- WORK INSTRUCTION -
Please reproduce all the data exactly as written and omit the pictures.

|---|

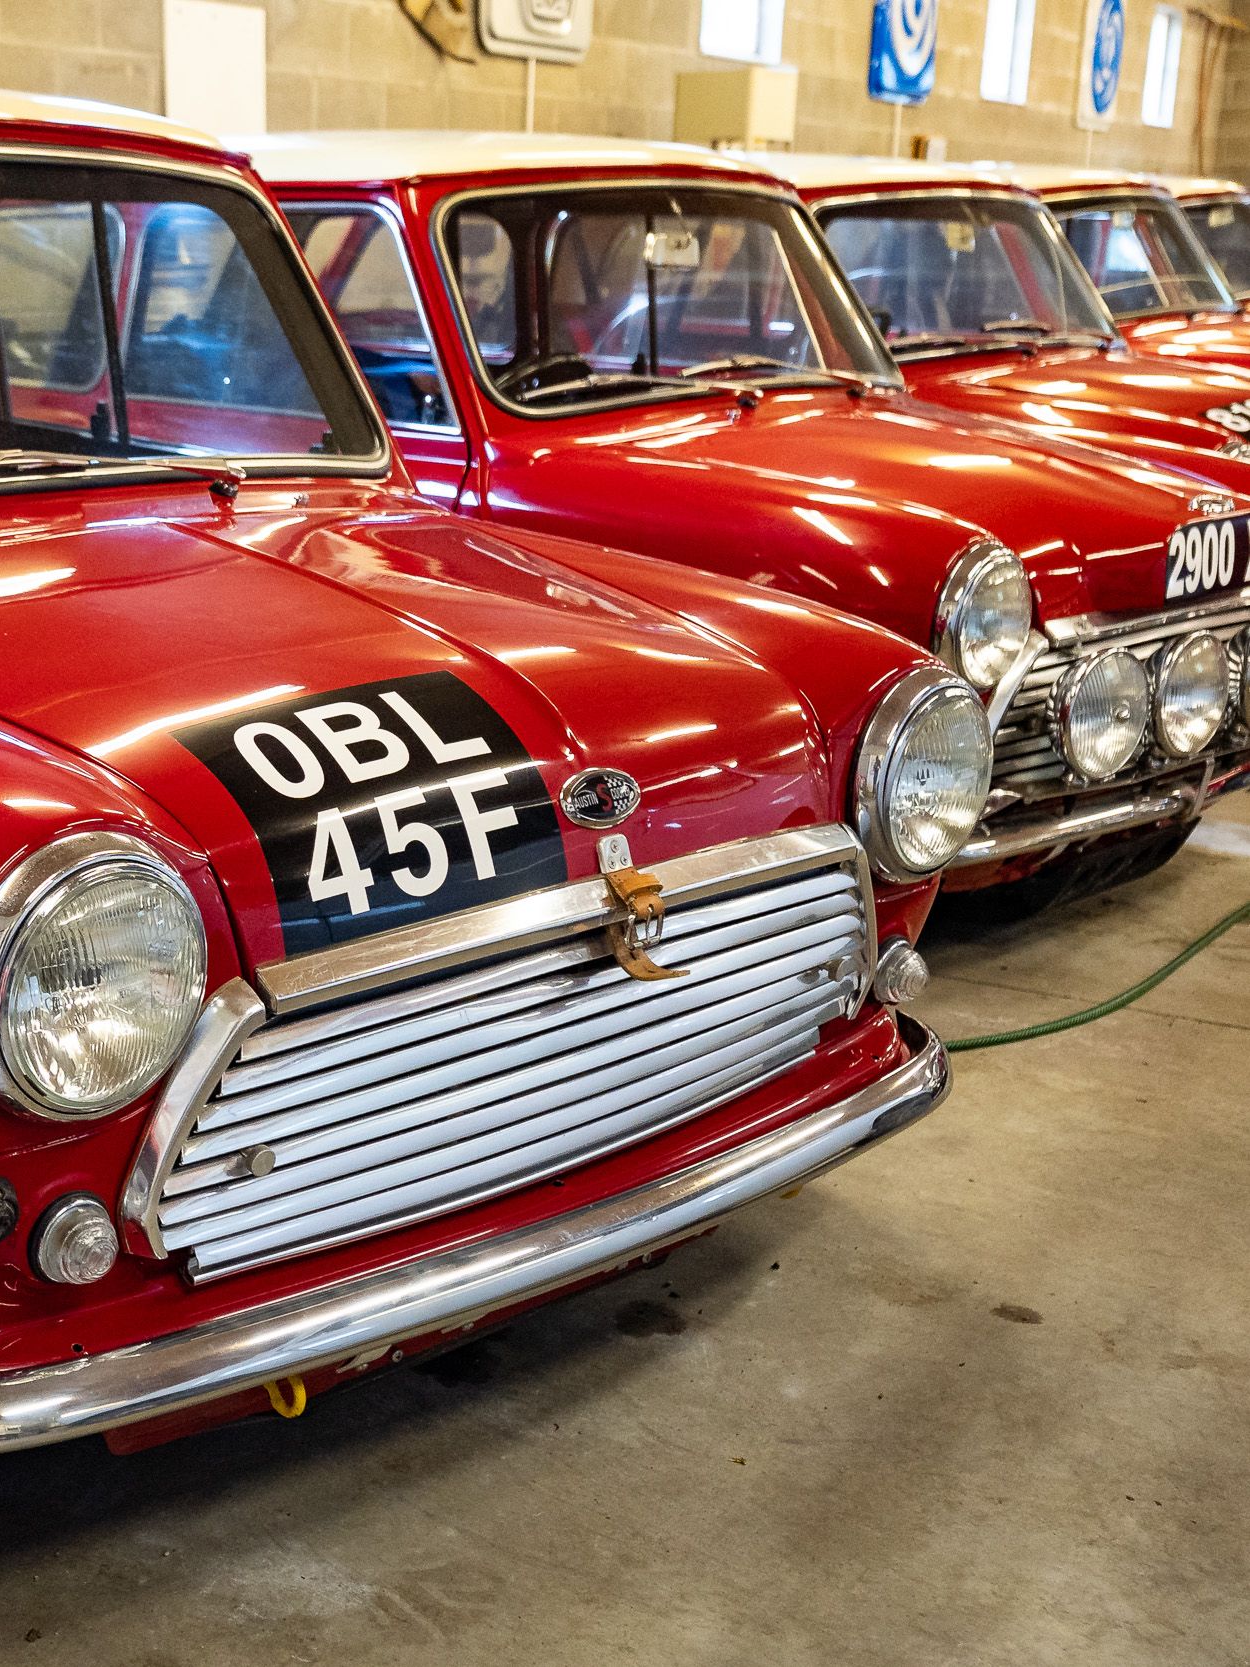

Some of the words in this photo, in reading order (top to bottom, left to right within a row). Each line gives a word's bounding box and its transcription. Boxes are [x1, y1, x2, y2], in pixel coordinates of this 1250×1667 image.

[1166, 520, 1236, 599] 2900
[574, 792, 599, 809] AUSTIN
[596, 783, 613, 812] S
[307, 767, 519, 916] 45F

|---|

- FINISHED TASK -
Some of the words in this photo, in reading order (top to bottom, left to right within a row). Each line gives a word's bounding box and its transcription. Boxes are [x1, y1, x2, y2], in pixel coordinates of this 1250×1667 image.

[1166, 520, 1236, 599] 2900
[574, 792, 599, 809] AUSTIN
[596, 783, 613, 812] S
[307, 767, 519, 916] 45F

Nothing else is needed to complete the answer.